In the in-depth article that follows, Matt Taibbi, one of the best investigative reporters in our world, vividly elucidates the crimes that have been committed by the Wall Street scamsters, and the stark differences between our treatment of the crimes of rich and poor. God it is long! But perhaps that is the price of understanding.

He describes how Wall Street scamsters brought our country to its knees while raking in millions of dollars--Crimes that went unpunished by a complicit government.

Here are the final paragraphs (but please read the entire article if you get some time):

Why Isn't Wall Street in Jail?
Financial crooks brought down the world's economy — but the feds are doing more to protect them than to prosecute them

By Matt Taibbi
FEBRUARY 16, 2011 9:00 AM ET
. . . .
". . . .the system is skewed by the irrepressible pull of riches and power.

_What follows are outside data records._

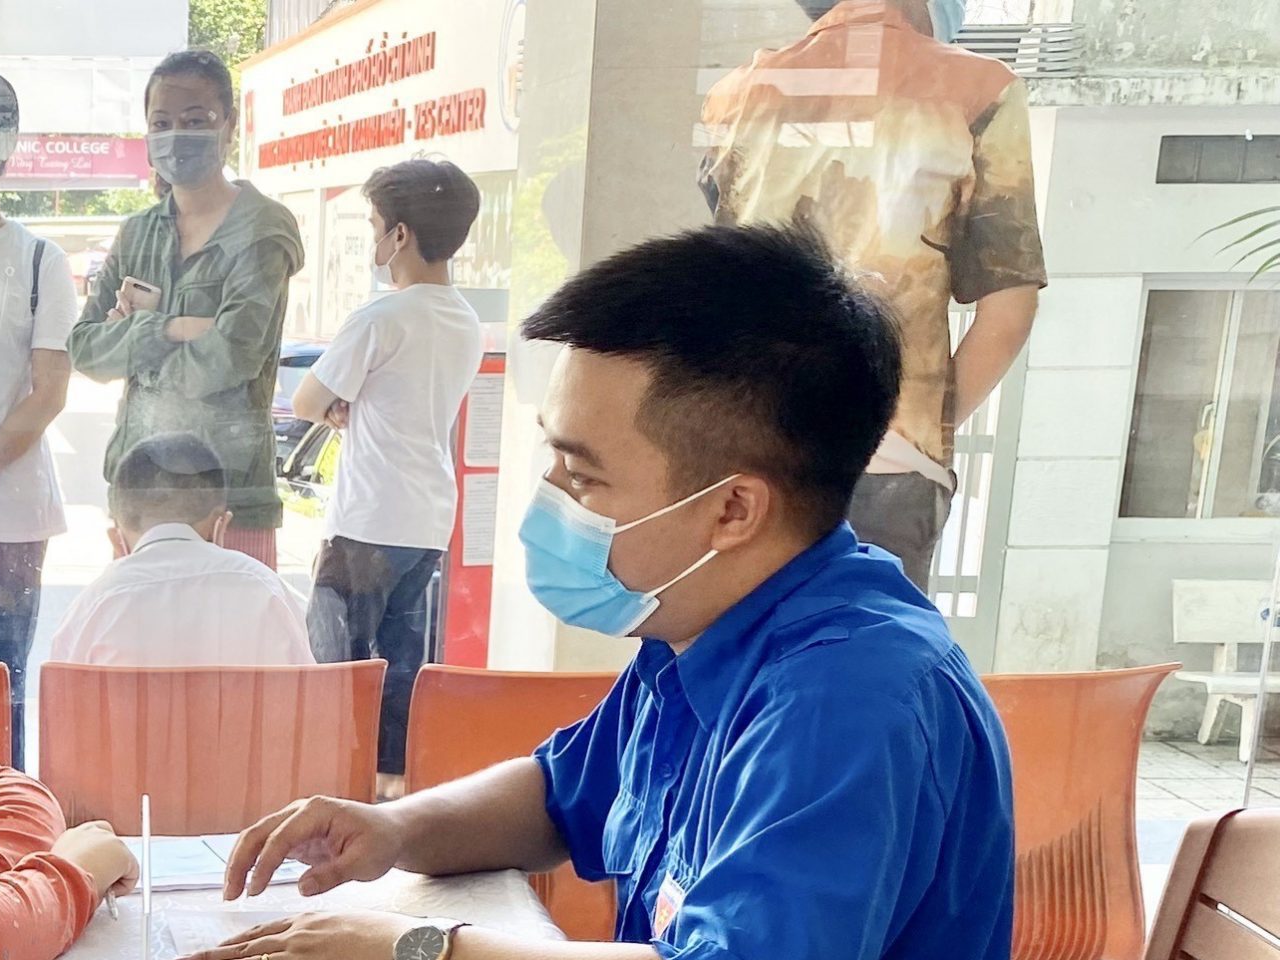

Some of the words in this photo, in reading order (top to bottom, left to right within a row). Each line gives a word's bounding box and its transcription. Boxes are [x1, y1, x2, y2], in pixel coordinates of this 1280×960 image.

[404, 31, 436, 79] MINH
[414, 100, 436, 140] YES
[437, 88, 486, 136] CENTER
[45, 141, 110, 154] COLLEGE
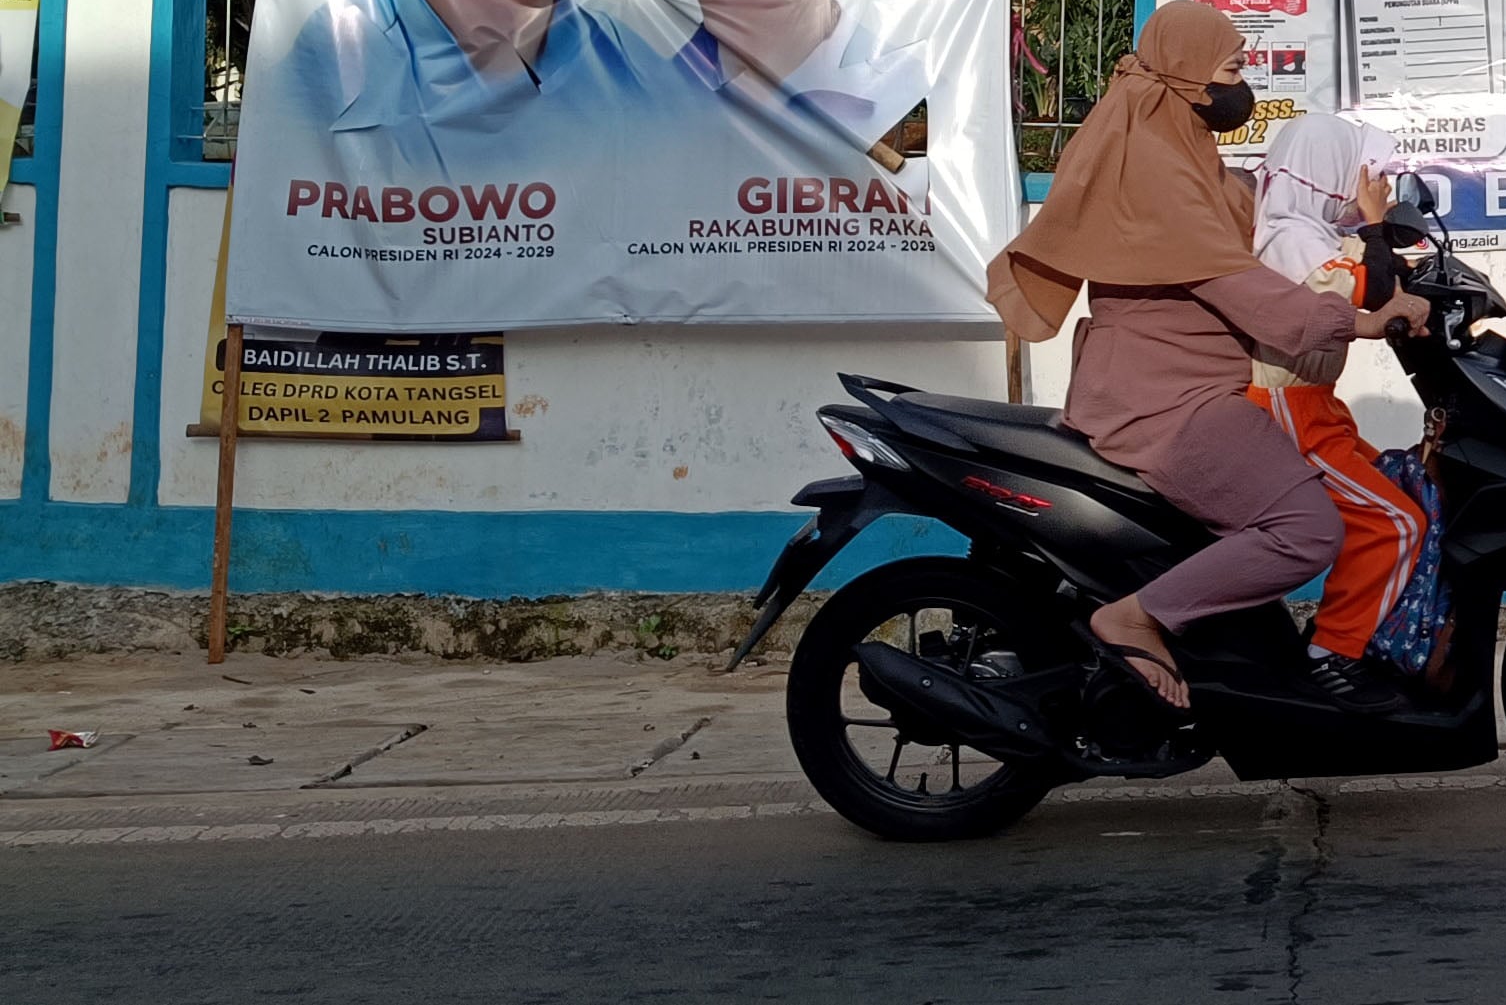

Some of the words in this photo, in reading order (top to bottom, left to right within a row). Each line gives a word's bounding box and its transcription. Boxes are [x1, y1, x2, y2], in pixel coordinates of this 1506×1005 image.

[1250, 119, 1268, 144] 2
[1394, 138, 1430, 154] RNA
[1435, 137, 1481, 153] BIRU
[286, 179, 556, 223] PRABOWO
[423, 223, 555, 245] SUBIANTO
[689, 218, 860, 238] RAKABUMING
[869, 219, 934, 237] RAKA
[307, 245, 362, 259] CALON
[364, 248, 437, 261] PRESIDEN
[443, 249, 459, 260] RI
[464, 248, 502, 260] 2024
[516, 246, 555, 258] 2029
[628, 243, 684, 255] CALON
[690, 242, 742, 254] WAKIL
[747, 240, 825, 253] PRESIDEN
[828, 240, 842, 252] RI
[847, 240, 885, 252] 2024
[900, 240, 936, 252] 2029
[366, 354, 440, 371] THALIB
[446, 353, 487, 370] S.T.
[212, 381, 277, 398] CLEG
[282, 384, 339, 400] DPRD
[344, 386, 399, 401] KOTA
[404, 385, 502, 401] TANGSEL
[249, 406, 313, 422] DAPIL
[319, 409, 330, 422] 2
[342, 410, 470, 424] PAMULANG

If talent rises in the SEC or the Justice Department, it sooner or later jumps ship for those fat NBA contracts [big money on Wall Street, or as consultants or whatever]. Or, conversely, graduates of the big corporate firms take sabbaticals from their rich lifestyles to slum it in government service for a year or two. Many of those appointments are inevitably hand-picked by lifelong stooges for Wall Street like Chuck Schumer, who has accepted $14.6 million in campaign contributions from Goldman Sachs, Morgan Stanley and other major players in the finance industry, along with their corporate lawyers.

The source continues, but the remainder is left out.